Madde miktarı, termodinamikte de kullanılan bir kavramdır. Örneğin, belirli bir hacimdeki bir alıcıda, belirli bir sıcaklıkta ve belirli bir miktardaki soy gazın basıncı, kütlesiyle değil, gazdaki moleküllerin sayısıyla (ideal gaz yasası yoluyla) doğrudan ilişkilendirilmektedir.
Partikül sayısı yerine kütle veya hacim gibi diğer ölçümlere atıfta bulunulmaktadır.[5] "Madde miktarı" yerine "entalpi"[6] ve "stokiyometrik (element ölçüsü) miktar" gibi daha kolay ayırt edilebilir terimlerde kullanılması önerilmektedir.[5]

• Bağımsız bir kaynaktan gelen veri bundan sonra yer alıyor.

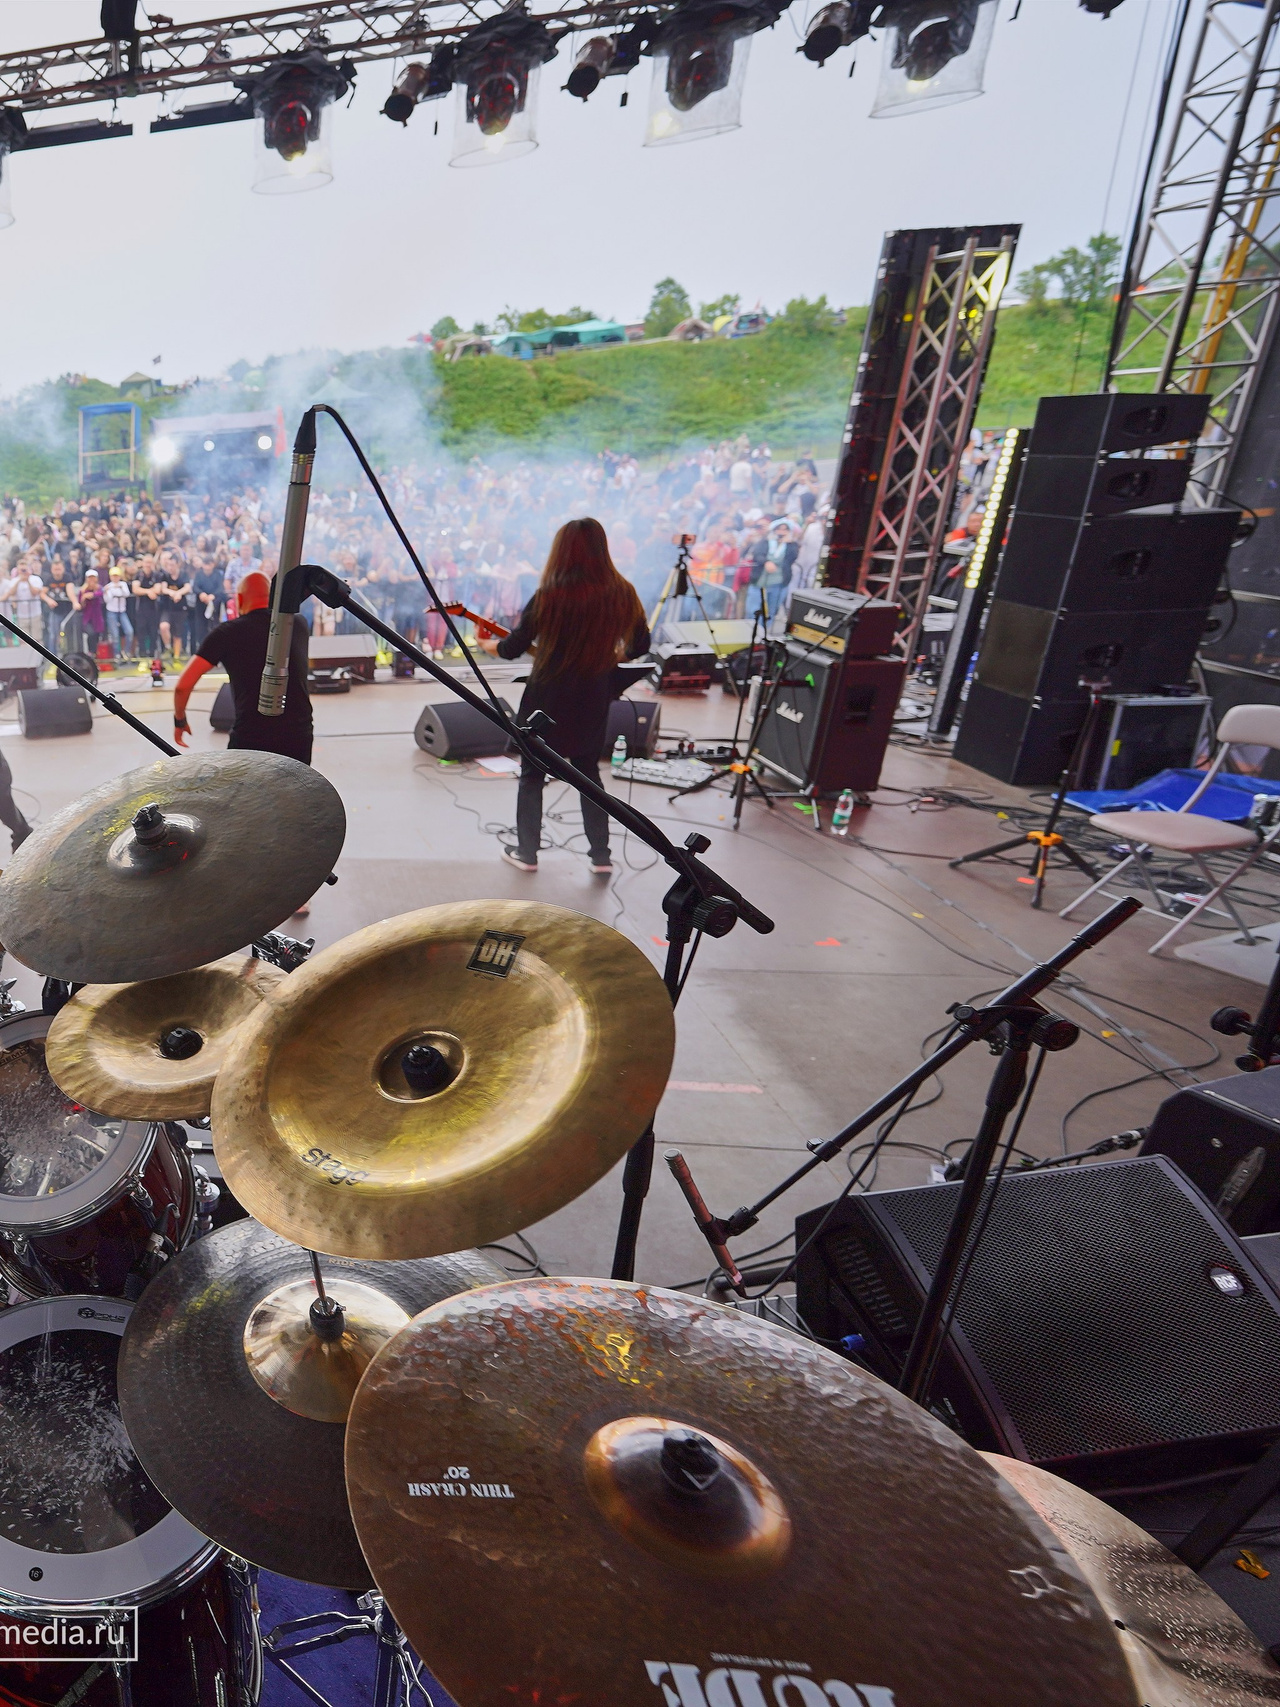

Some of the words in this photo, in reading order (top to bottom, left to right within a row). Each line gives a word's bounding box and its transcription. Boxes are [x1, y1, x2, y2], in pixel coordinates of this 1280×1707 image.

[477, 938, 516, 967] DH
[300, 1147, 371, 1186] Stagg
[1212, 1274, 1238, 1290] RCF
[406, 1482, 467, 1497] CRASH
[469, 1483, 515, 1499] THIN

IUPAC (Uluslararası Temel ve Uygulamalı Kimya Birliği), kütle miktarının "kilogram sayısı" olarak adlandırılmaması gerektiğini düşündüğü gibi, "mol sayısı" yerine "madde miktarı"nın kullanılmasını önermektedir.[7]
Parçacıkların doğası
Belirsizliği önlemek için parçacıkların doğası, madde miktarının herhangi bir ölçümünde belirtilmelidir. Bu nedenle, 1 mol oksijen atomu (O) yaklaşık 16 gram olmasına rağmen 1 mol oksijen molekülü (O2) yaklaşık 32 gram olarak tanımlanmaktadır.[7][8]
Türetilmiş miktarlar
Molar miktarlar (mol başına)
Homojen bir karışımın kapsamlı fiziksel miktarının madde miktarına oranı, molar olarak adlandırılan maddenin yoğun bir özelliğidir.[7] Hacimden, oda sıcaklığında sıvı su için yaklaşık 17.962 mililitre/mol ve demir için 7.092 mL/mol olan molar hacim elde edilir. Isı kapasitesinden, su için yaklaşık 75.385 J ve demir için yaklaşık 25.10 J/K/mol olan molar ısı kapasitesi elde edilir.

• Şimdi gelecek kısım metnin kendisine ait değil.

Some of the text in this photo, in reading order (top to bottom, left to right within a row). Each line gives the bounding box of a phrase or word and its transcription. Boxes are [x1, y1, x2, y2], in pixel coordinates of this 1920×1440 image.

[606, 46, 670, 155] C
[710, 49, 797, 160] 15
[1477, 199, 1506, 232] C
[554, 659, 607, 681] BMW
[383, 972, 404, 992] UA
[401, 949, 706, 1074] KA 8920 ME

Miktar konsantrasyonu (Litre başına mol)
Bir başka önemli türetilmiş miktar, klinik kimyada miktar konsantrasyonu olarak da adlandırılan madde konsantrasyonunun miktarıdır. Bir çözelti numunesindeki (veya başka bir karışımdaki) belirli bir maddenin miktarının numunenin hacmine bölümü olarak tanımlanmaktadır.[9][10]
Bu miktarın SI birimi,litresi başına moldür (mol/litre). Örneğin, okyanus suyundaki sodyum klorür miktarı konsantrasyonu tipik olarak yaklaşık 0,599 mol/L olarak ifade edilir.
Litre ölçüm kabı
Payda, çözücünün değil, çözeltinin hacmidir. Bu nedenle, örneğin, bir litre standart votka, yaklaşık 0.40 L etanol (315 g, 6.85 mol) ve 0.60 L su içerir. Bu nedenle etanol miktarı konsantrasyonu (6,85 mol etanol)/ (0,60 L su)olarak değil, (6,85 mol etanol)/(1 L votka) = 6,85 mol/L olarak hesaplanmaktadır.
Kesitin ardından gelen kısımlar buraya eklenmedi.